Also I see comments suggesting that somehow the husbandry effort is an either or situation there is no reason a person can't find unrelated lines while also providing a proper setup.


----------



## bulbophyllum (Feb 6, 2012)

tachikoma said:


> The op never mentioned any monetary concern with sourcing the different lines and yet somehow that came up as a concern from people defending the practice of inbreeding.
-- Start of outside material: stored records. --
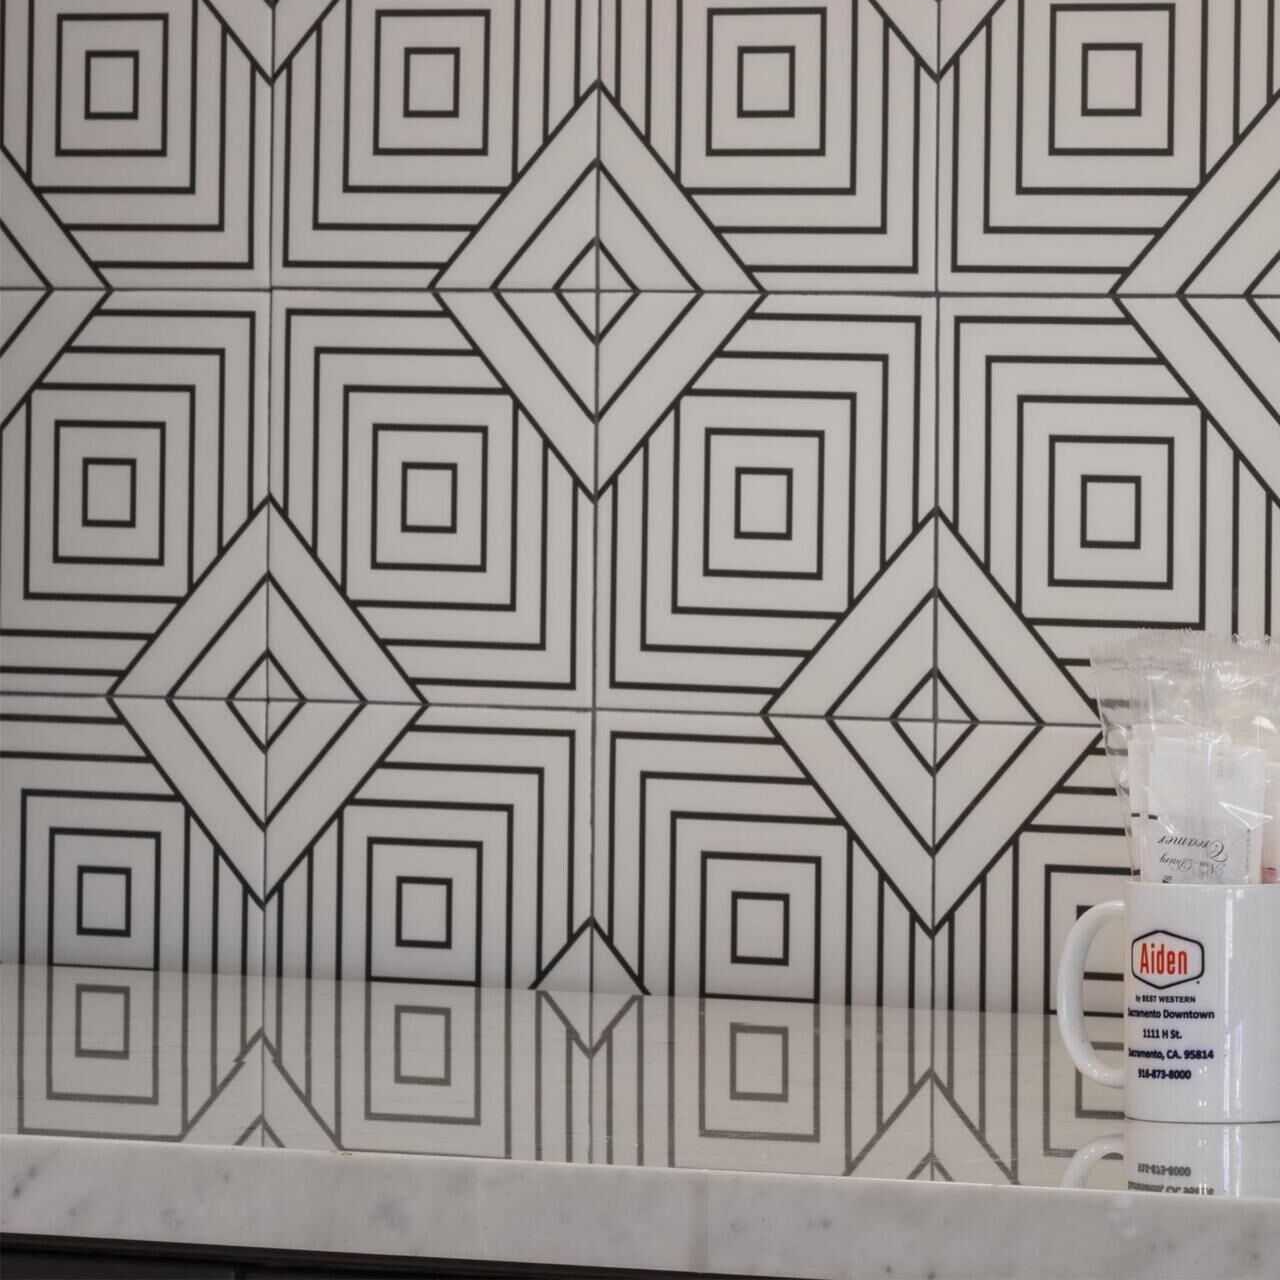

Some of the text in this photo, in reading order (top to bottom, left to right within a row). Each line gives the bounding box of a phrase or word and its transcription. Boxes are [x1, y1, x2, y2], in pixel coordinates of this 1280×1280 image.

[1157, 834, 1229, 863] Creamer
[1140, 943, 1188, 975] Aiden
[1142, 995, 1157, 1003] BEST
[1163, 1009, 1215, 1019] Downtown
[1143, 1029, 1182, 1039] 1111 H St.
[1166, 1050, 1182, 1059] CA.
[1184, 1050, 1214, 1059] 95814
[1138, 1068, 1191, 1079] 916-873-8000
No. I mentioned money, suggesting that the money saved on shipping from multiple sources would be better spent improving the frog's habitat. Like buying a bigger enclosure. And I stand behind that. You can do both. But, if I had to choose I would go with a better environment for the frogs.


----------



## Fahad (Aug 25, 2019)

tachikoma said:


> Ed has mentioned many many times on this board that inbreeding depression is a real consequence of inbreeding of dartfrogs which may not show itself directly since the frogs are setup in pristine environments. Even if invisible there is certainly loss of genetic diversity, which is just passing on the problem to future froggers.
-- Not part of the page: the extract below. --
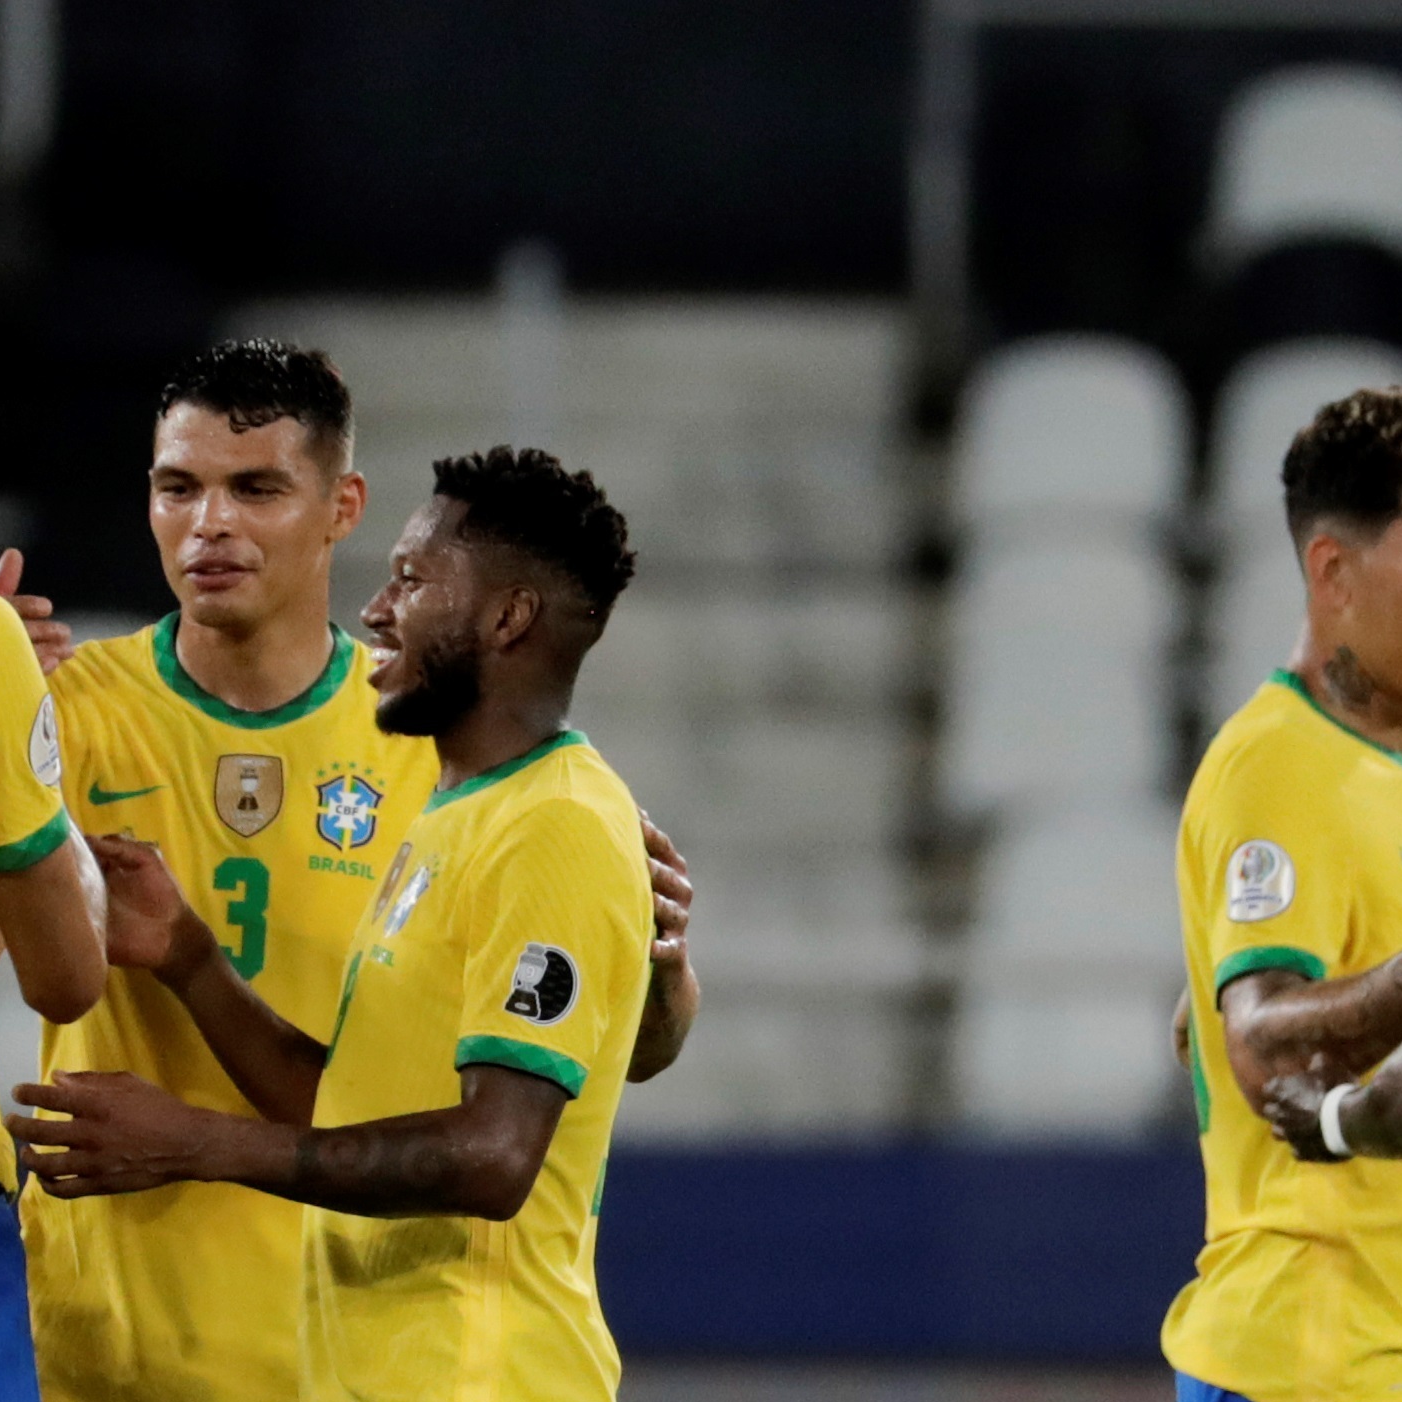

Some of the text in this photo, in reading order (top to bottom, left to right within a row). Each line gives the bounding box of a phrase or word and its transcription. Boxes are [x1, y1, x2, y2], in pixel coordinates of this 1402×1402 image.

[335, 803, 360, 817] CBF
[308, 855, 375, 880] BRASIL
[213, 857, 270, 981] 3
It's a frustrating topic for me because there really isn't one simple answer, partly due to the way genetics in frog populations work (look up outbreeding depression), but also due to the nature of the hobby:

Paucity of information on legacy stock.
Poor record keeping for newer stock. 
Lack of tracking for all stock. This is -- practically speaking -- nearly impossible.
The population of domestically bred, hobby frogs are a genetic dead-end and ecologically speaking, non-existent. They have no value to conservation other than creating awareness and reducing pressure on wild populations, and perhaps raising funds if purchased through bio-commerce channels.

But what Ed pointed out numerous times (and I do tend to give his information weight because it generally comes with citations and a great deal of experience behind it) was that inbreeding depression can affect reptiles and amphibians and the studies are there to look up. Physical deformities and window licking frogs aren't the main issue, fertility issues will show first, and loss of diversity of major histocompatability complex genes can leave entire populations extremely vulnerable to novel pathogens.
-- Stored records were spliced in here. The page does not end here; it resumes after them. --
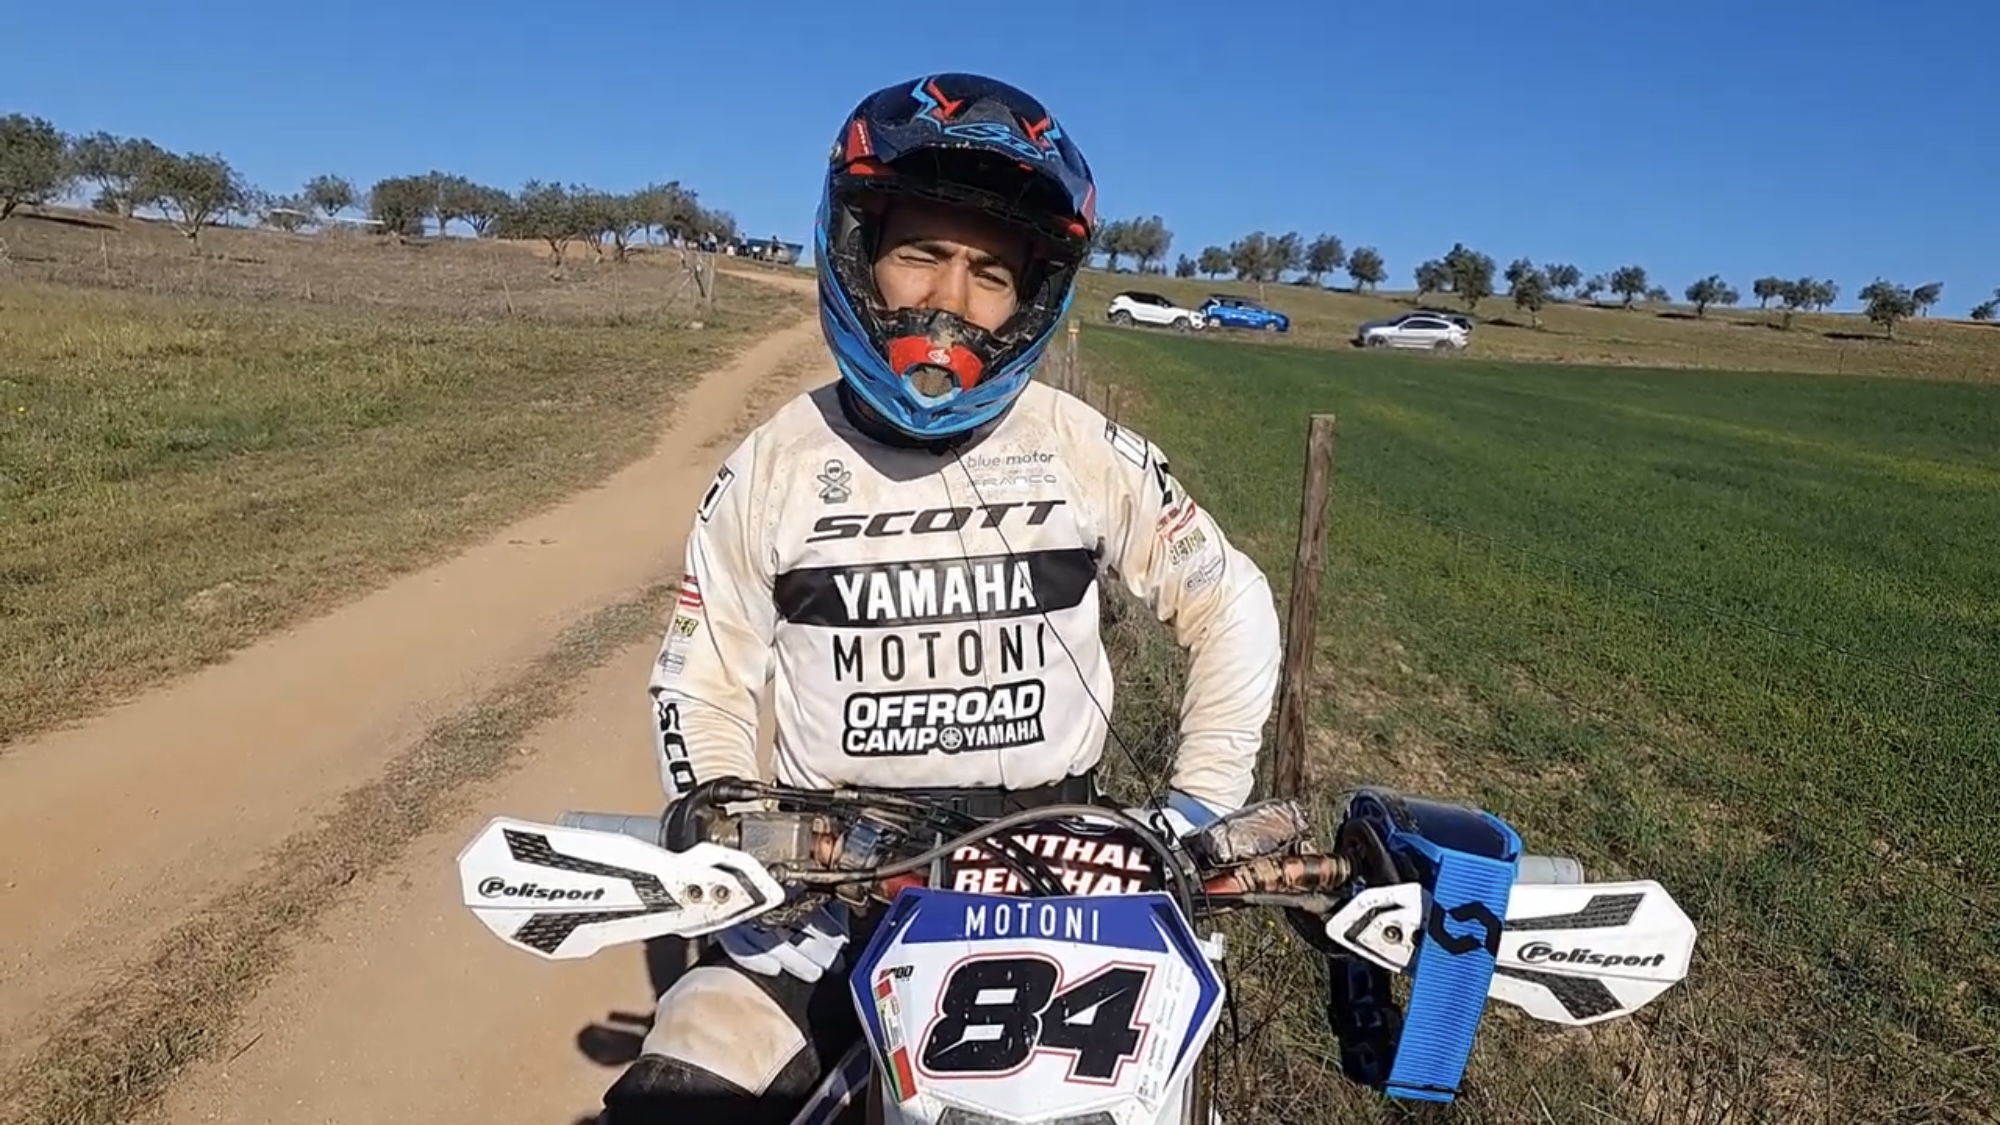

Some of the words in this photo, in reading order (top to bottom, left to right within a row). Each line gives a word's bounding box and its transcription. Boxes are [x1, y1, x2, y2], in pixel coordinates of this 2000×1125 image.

[967, 455, 1001, 468] blue
[1005, 451, 1055, 465] motor
[805, 500, 1067, 543] SCOTT
[833, 560, 1037, 621] YAMAHA
[833, 622, 1045, 682] MOTONI
[848, 683, 1042, 728] OFFROAD
[846, 727, 939, 752] CAMP
[964, 719, 1039, 747] YAMAHA
[478, 876, 606, 901] Polisport
[965, 903, 1099, 941] MOTONI
[1516, 941, 1666, 968] Polisport
[921, 957, 1149, 1080] 84
On the one hand many populations of captive dart frogs are likely to be bred for many, many generations with no issues from a hobbyist perspective, which many people a lot better versed than me will tell you with confidence.

But due to a lack of population management, for some of them at least -- it seems to me self-evident that their time in the hobby is limited, even if it's 20, 30, 40 years from now.

Which begs the question, *does it even matter* when our priority should be preserving habitat and addressing global anthropogenic effects that threaten the existence of these species *in situ*?

It's kind of a downer conclusion but if we don't look at the big picture it's just not gonna matter if these frogs are viable home entertainment in 20 years.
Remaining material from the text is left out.